• _Exercise aim_
Each line from the one that contains "this 1500×1334 image." to the end of the material must be set down exactly, and no line before it.

┏━━

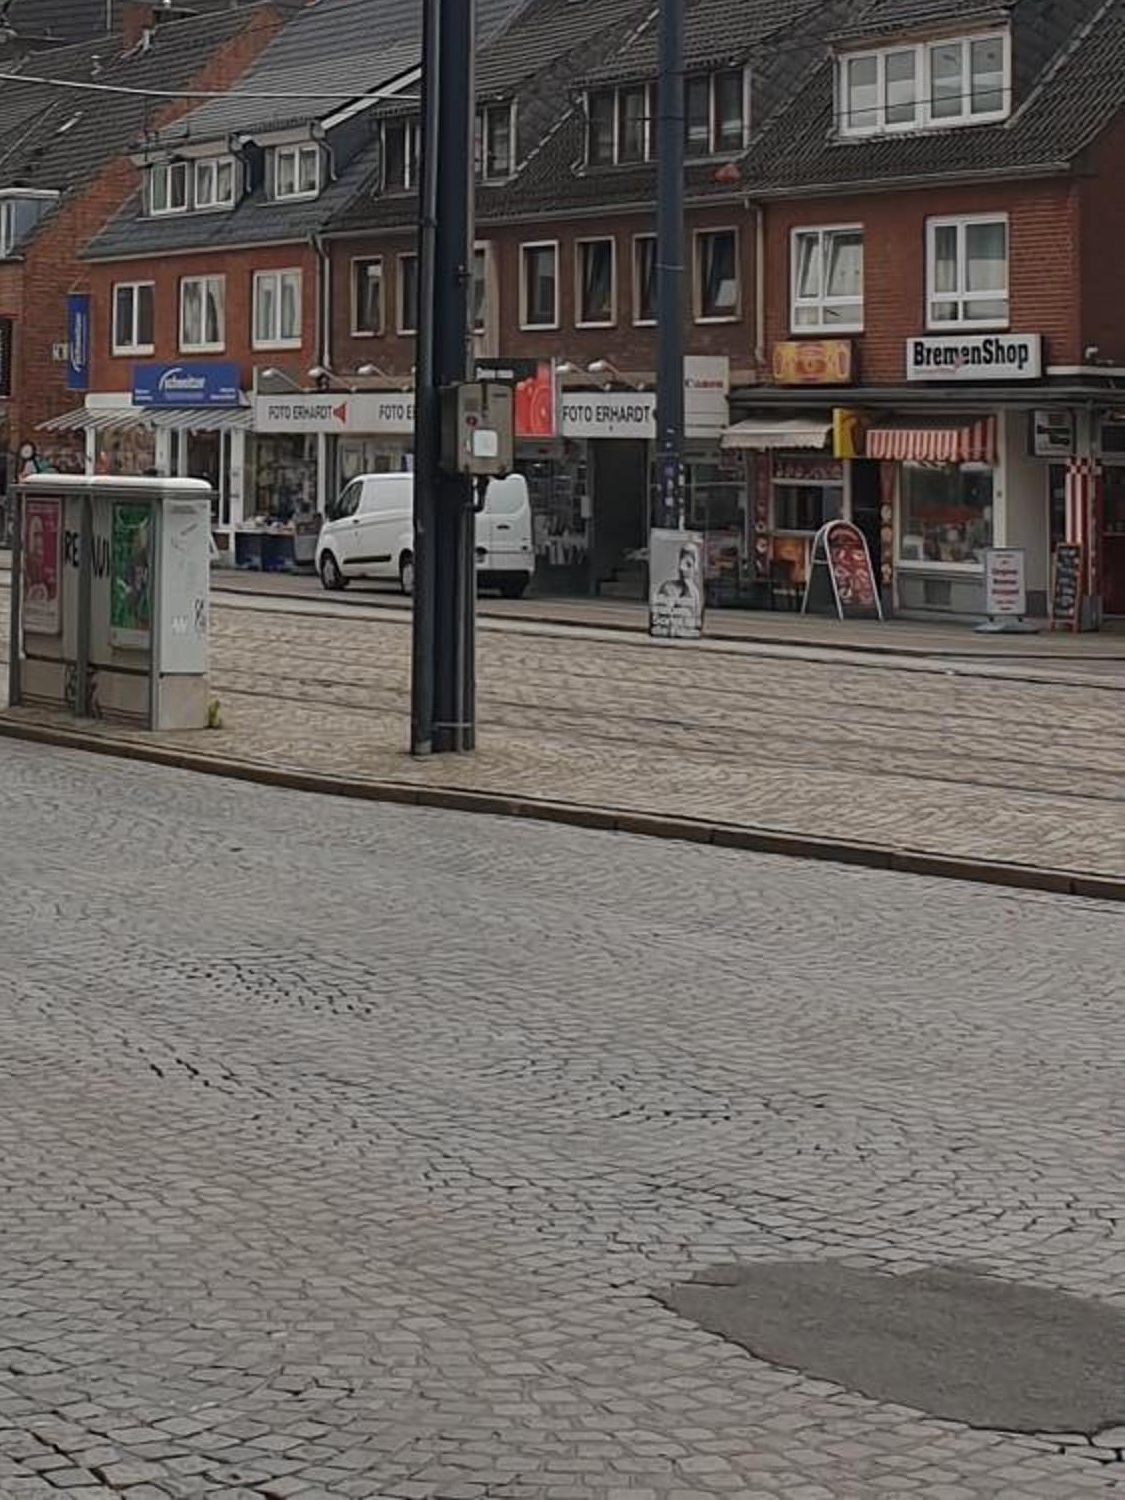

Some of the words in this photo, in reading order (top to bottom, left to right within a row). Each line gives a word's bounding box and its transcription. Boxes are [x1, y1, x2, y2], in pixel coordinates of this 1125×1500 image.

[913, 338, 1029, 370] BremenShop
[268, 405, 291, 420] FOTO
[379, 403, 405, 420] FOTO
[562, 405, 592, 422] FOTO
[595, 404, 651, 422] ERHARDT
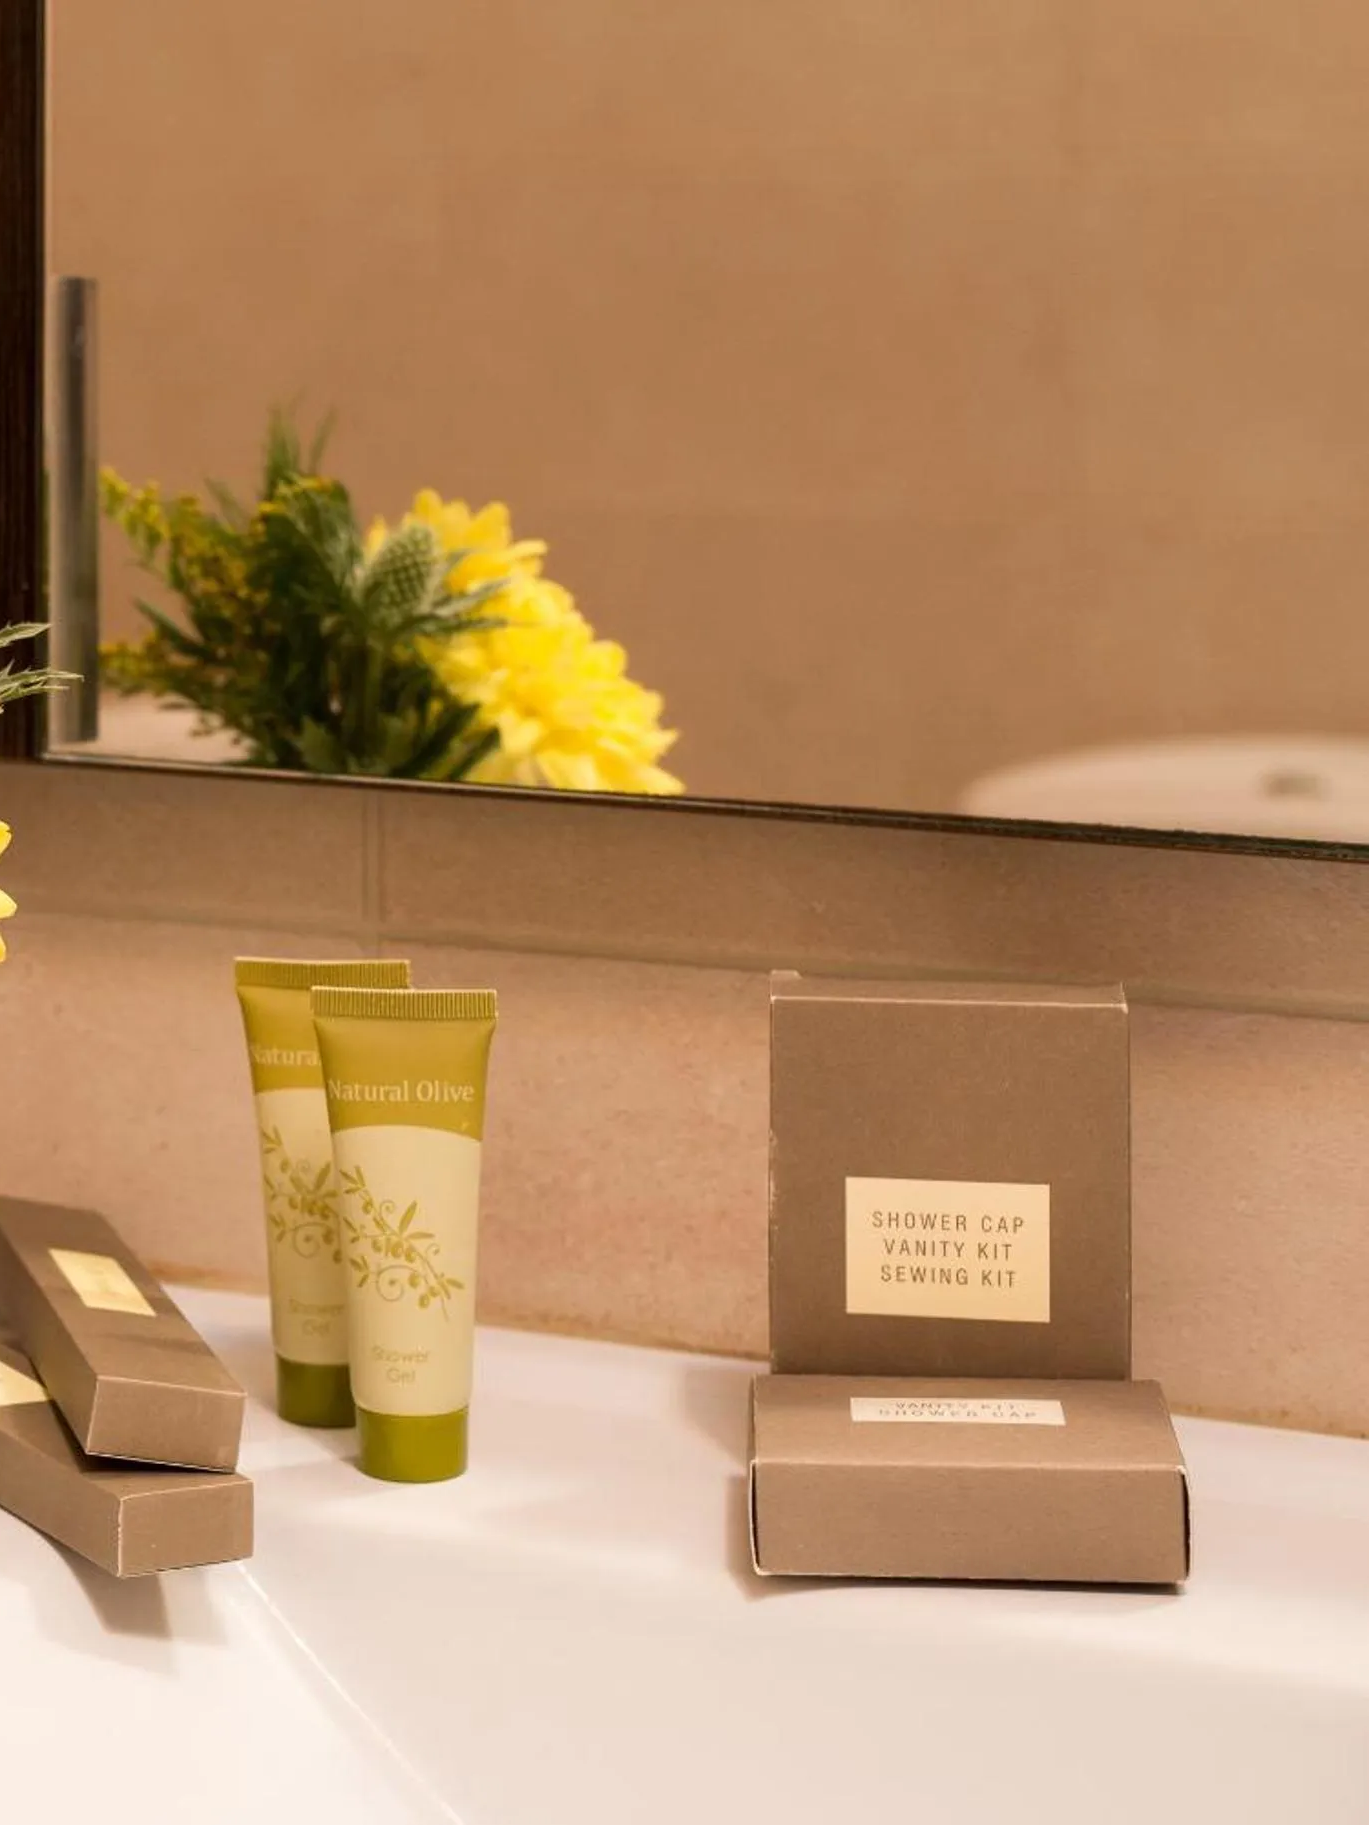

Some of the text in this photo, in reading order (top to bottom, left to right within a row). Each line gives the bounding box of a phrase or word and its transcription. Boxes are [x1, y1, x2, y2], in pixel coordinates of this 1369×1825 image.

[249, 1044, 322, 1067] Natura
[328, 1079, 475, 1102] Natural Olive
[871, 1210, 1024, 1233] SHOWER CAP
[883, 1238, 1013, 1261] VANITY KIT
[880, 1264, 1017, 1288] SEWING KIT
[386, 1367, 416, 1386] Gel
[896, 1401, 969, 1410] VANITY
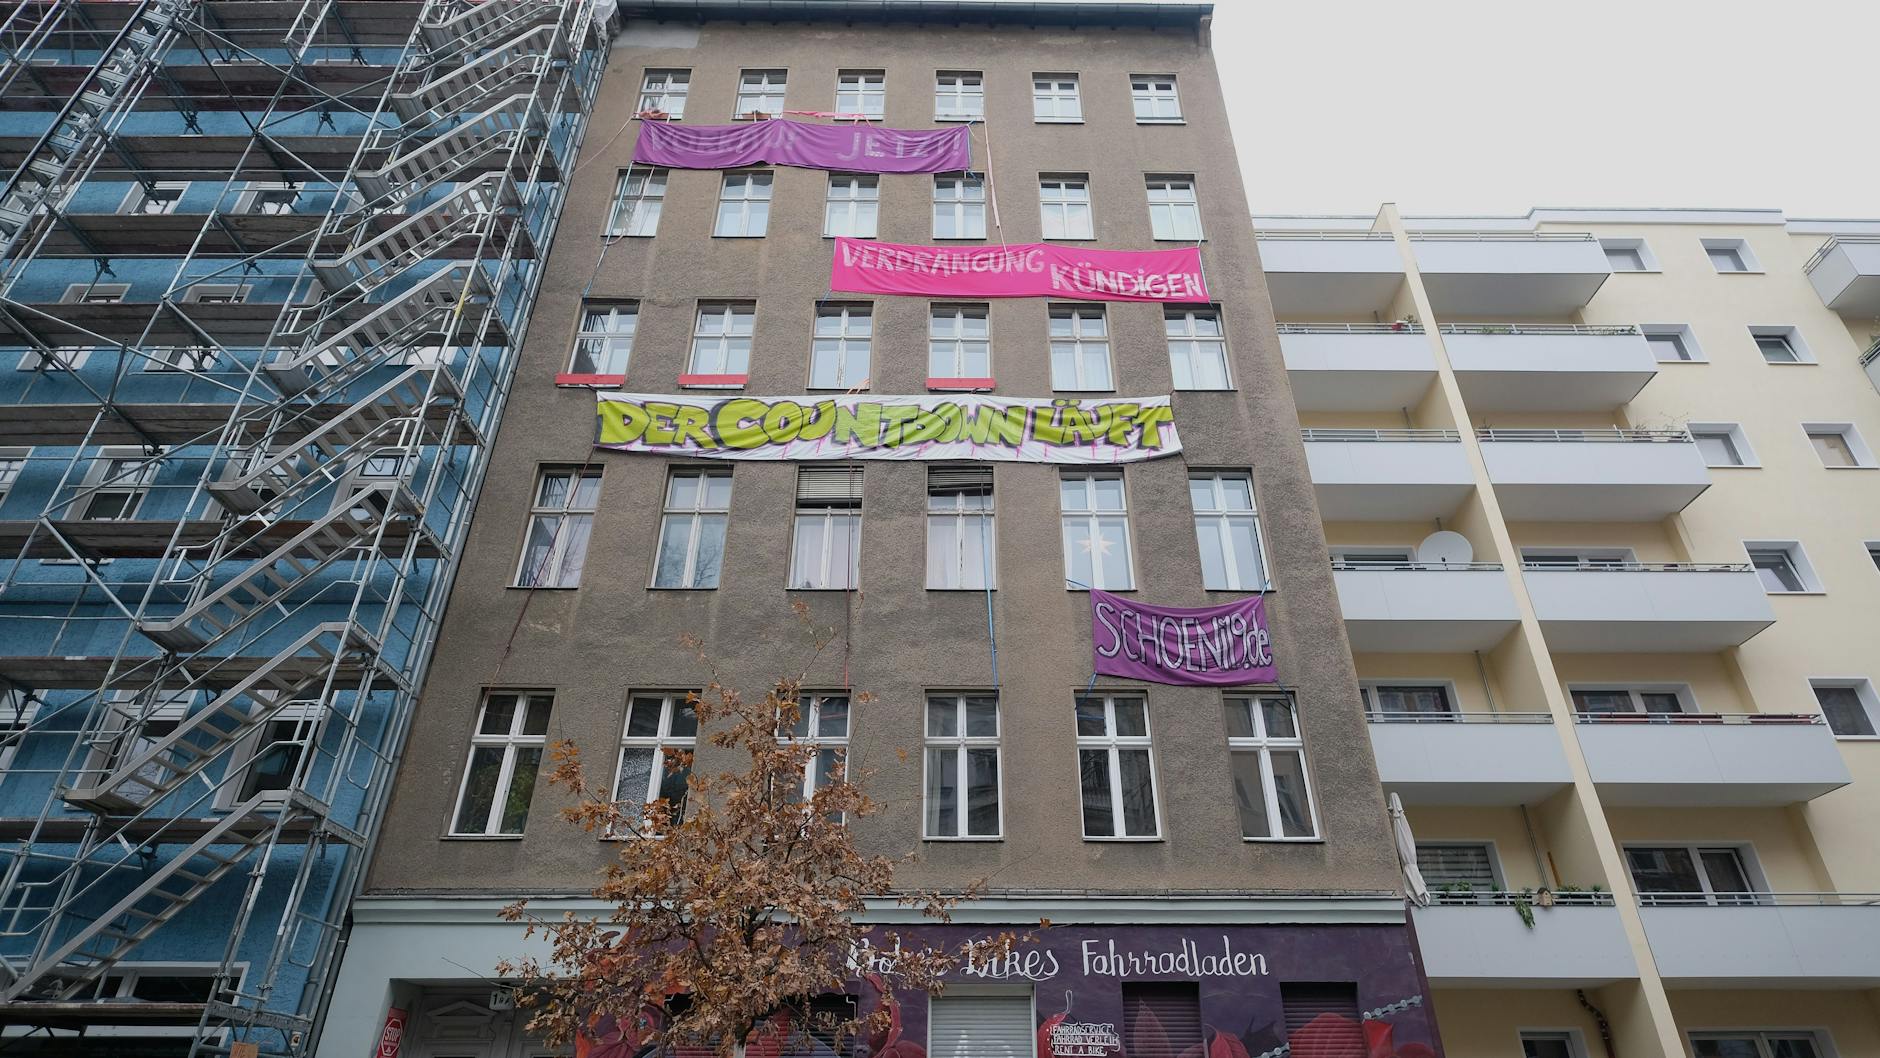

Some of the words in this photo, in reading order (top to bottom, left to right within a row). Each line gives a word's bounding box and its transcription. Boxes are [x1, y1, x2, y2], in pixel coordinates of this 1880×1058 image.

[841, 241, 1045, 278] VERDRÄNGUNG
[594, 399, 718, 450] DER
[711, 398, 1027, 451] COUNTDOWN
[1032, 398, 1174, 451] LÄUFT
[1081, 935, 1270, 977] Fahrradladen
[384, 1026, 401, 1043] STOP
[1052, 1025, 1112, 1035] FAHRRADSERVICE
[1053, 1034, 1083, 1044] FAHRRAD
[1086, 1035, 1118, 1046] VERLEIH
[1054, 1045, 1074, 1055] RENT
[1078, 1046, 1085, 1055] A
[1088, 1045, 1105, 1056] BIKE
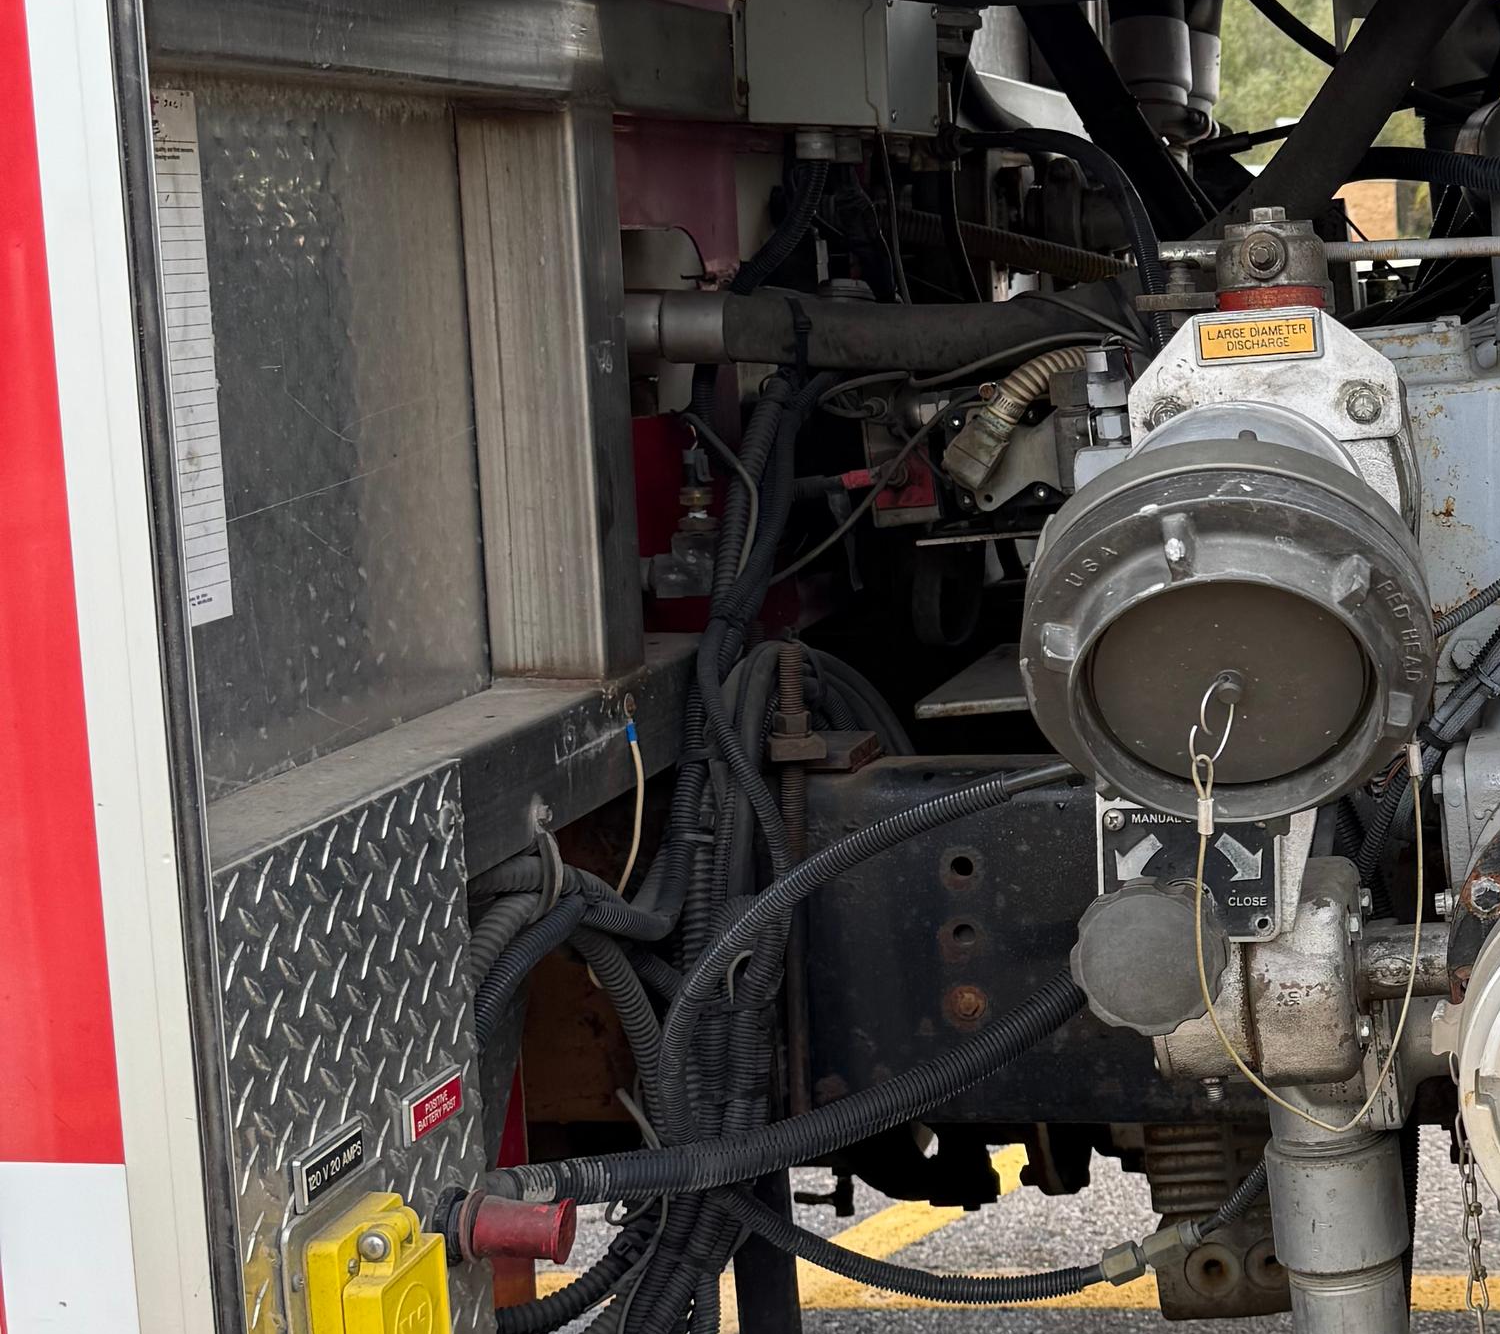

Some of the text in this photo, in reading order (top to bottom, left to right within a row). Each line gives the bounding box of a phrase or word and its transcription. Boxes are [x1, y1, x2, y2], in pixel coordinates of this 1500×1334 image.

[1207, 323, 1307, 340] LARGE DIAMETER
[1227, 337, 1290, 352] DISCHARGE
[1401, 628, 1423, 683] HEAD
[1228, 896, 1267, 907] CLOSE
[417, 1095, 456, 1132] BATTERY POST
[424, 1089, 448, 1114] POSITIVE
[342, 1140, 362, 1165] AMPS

┗━━

• _Response_
Some of the text in this photo, in reading order (top to bottom, left to right within a row). Each line gives the bounding box of a phrase or word and its transcription. Boxes are [x1, y1, x2, y2], in pixel coordinates of this 1500×1334 image.

[1207, 323, 1307, 340] LARGE DIAMETER
[1227, 337, 1290, 352] DISCHARGE
[1401, 628, 1423, 683] HEAD
[1228, 896, 1267, 907] CLOSE
[417, 1095, 456, 1132] BATTERY POST
[424, 1089, 448, 1114] POSITIVE
[342, 1140, 362, 1165] AMPS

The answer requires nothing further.